[DATA UNDER STUDY — start]

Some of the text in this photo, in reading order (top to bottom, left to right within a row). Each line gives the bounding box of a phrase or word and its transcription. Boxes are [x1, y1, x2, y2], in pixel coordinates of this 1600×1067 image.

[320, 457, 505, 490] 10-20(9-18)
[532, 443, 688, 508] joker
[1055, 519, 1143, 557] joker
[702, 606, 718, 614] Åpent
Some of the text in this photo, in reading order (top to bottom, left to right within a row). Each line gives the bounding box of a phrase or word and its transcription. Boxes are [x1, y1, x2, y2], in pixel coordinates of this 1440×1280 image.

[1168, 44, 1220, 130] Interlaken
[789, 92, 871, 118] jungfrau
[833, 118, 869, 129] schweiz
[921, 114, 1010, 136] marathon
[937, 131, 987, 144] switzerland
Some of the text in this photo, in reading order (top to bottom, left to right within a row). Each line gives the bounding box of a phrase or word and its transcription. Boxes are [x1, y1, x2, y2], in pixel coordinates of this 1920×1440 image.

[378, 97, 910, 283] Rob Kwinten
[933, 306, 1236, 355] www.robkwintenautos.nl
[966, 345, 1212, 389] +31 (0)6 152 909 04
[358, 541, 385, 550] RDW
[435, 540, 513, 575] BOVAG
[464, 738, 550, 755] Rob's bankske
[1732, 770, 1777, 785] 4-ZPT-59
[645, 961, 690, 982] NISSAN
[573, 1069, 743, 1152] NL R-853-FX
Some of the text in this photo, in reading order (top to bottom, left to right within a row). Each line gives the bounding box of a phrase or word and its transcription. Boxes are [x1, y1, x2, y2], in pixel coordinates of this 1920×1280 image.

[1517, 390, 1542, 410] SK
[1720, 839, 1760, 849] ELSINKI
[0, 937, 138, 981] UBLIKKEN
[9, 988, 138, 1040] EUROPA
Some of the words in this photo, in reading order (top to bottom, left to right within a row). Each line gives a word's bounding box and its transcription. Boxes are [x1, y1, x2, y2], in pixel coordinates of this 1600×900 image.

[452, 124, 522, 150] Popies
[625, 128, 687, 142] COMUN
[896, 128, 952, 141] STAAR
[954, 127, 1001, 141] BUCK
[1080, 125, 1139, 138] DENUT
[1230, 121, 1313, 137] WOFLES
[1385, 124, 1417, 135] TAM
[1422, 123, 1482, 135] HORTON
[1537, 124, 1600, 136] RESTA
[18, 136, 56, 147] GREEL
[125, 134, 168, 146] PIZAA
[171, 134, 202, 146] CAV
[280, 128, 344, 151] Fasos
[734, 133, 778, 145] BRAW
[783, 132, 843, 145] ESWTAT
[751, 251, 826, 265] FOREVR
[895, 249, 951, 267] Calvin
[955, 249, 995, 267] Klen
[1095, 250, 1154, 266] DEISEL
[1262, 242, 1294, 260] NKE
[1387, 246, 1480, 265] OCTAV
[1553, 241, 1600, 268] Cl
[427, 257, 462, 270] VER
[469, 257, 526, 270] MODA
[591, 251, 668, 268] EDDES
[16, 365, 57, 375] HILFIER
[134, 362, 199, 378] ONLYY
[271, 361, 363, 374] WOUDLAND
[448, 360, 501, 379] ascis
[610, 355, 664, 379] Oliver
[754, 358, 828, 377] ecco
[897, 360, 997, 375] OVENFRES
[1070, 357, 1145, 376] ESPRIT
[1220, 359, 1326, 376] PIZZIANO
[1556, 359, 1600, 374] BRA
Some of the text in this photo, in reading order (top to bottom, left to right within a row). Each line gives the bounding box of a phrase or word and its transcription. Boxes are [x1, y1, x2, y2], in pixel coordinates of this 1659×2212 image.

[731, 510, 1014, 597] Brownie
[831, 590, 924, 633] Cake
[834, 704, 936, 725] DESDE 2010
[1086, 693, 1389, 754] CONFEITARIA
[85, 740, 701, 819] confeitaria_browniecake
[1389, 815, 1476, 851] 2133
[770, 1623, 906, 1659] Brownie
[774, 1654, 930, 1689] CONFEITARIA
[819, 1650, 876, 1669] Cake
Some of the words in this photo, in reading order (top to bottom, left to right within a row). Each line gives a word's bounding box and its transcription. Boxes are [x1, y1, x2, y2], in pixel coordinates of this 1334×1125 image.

[DATA UNDER STUDY — finish]

■ **WORK ITEM**
Repeat the records verbatim, every one of them.

■ **SOLUTION TO THIS EXERCISE**
Some of the text in this photo, in reading order (top to bottom, left to right within a row). Each line gives the bounding box of a phrase or word and its transcription. Boxes are [x1, y1, x2, y2], in pixel coordinates of this 1600×1067 image.

[320, 457, 505, 490] 10-20(9-18)
[532, 443, 688, 508] joker
[1055, 519, 1143, 557] joker
[702, 606, 718, 614] Åpent
Some of the text in this photo, in reading order (top to bottom, left to right within a row). Each line gives the bounding box of a phrase or word and its transcription. Boxes are [x1, y1, x2, y2], in pixel coordinates of this 1440×1280 image.

[1168, 44, 1220, 130] Interlaken
[789, 92, 871, 118] jungfrau
[833, 118, 869, 129] schweiz
[921, 114, 1010, 136] marathon
[937, 131, 987, 144] switzerland
Some of the text in this photo, in reading order (top to bottom, left to right within a row). Each line gives the bounding box of a phrase or word and its transcription. Boxes are [x1, y1, x2, y2], in pixel coordinates of this 1920×1440 image.

[378, 97, 910, 283] Rob Kwinten
[933, 306, 1236, 355] www.robkwintenautos.nl
[966, 345, 1212, 389] +31 (0)6 152 909 04
[358, 541, 385, 550] RDW
[435, 540, 513, 575] BOVAG
[464, 738, 550, 755] Rob's bankske
[1732, 770, 1777, 785] 4-ZPT-59
[645, 961, 690, 982] NISSAN
[573, 1069, 743, 1152] NL R-853-FX
Some of the text in this photo, in reading order (top to bottom, left to right within a row). Each line gives the bounding box of a phrase or word and its transcription. Boxes are [x1, y1, x2, y2], in pixel coordinates of this 1920×1280 image.

[1517, 390, 1542, 410] SK
[1720, 839, 1760, 849] ELSINKI
[0, 937, 138, 981] UBLIKKEN
[9, 988, 138, 1040] EUROPA
Some of the words in this photo, in reading order (top to bottom, left to right within a row). Each line gives a word's bounding box and its transcription. Boxes are [x1, y1, x2, y2], in pixel coordinates of this 1600×900 image.

[452, 124, 522, 150] Popies
[625, 128, 687, 142] COMUN
[896, 128, 952, 141] STAAR
[954, 127, 1001, 141] BUCK
[1080, 125, 1139, 138] DENUT
[1230, 121, 1313, 137] WOFLES
[1385, 124, 1417, 135] TAM
[1422, 123, 1482, 135] HORTON
[1537, 124, 1600, 136] RESTA
[18, 136, 56, 147] GREEL
[125, 134, 168, 146] PIZAA
[171, 134, 202, 146] CAV
[280, 128, 344, 151] Fasos
[734, 133, 778, 145] BRAW
[783, 132, 843, 145] ESWTAT
[751, 251, 826, 265] FOREVR
[895, 249, 951, 267] Calvin
[955, 249, 995, 267] Klen
[1095, 250, 1154, 266] DEISEL
[1262, 242, 1294, 260] NKE
[1387, 246, 1480, 265] OCTAV
[1553, 241, 1600, 268] Cl
[427, 257, 462, 270] VER
[469, 257, 526, 270] MODA
[591, 251, 668, 268] EDDES
[16, 365, 57, 375] HILFIER
[134, 362, 199, 378] ONLYY
[271, 361, 363, 374] WOUDLAND
[448, 360, 501, 379] ascis
[610, 355, 664, 379] Oliver
[754, 358, 828, 377] ecco
[897, 360, 997, 375] OVENFRES
[1070, 357, 1145, 376] ESPRIT
[1220, 359, 1326, 376] PIZZIANO
[1556, 359, 1600, 374] BRA
Some of the text in this photo, in reading order (top to bottom, left to right within a row). Each line gives the bounding box of a phrase or word and its transcription. Boxes are [x1, y1, x2, y2], in pixel coordinates of this 1659×2212 image.

[731, 510, 1014, 597] Brownie
[831, 590, 924, 633] Cake
[834, 704, 936, 725] DESDE 2010
[1086, 693, 1389, 754] CONFEITARIA
[85, 740, 701, 819] confeitaria_browniecake
[1389, 815, 1476, 851] 2133
[770, 1623, 906, 1659] Brownie
[774, 1654, 930, 1689] CONFEITARIA
[819, 1650, 876, 1669] Cake
Some of the words in this photo, in reading order (top to bottom, left to right within a row). Each line gives a word's bounding box and its transcription. Boxes are [x1, y1, x2, y2], in pixel coordinates of this 1334×1125 image.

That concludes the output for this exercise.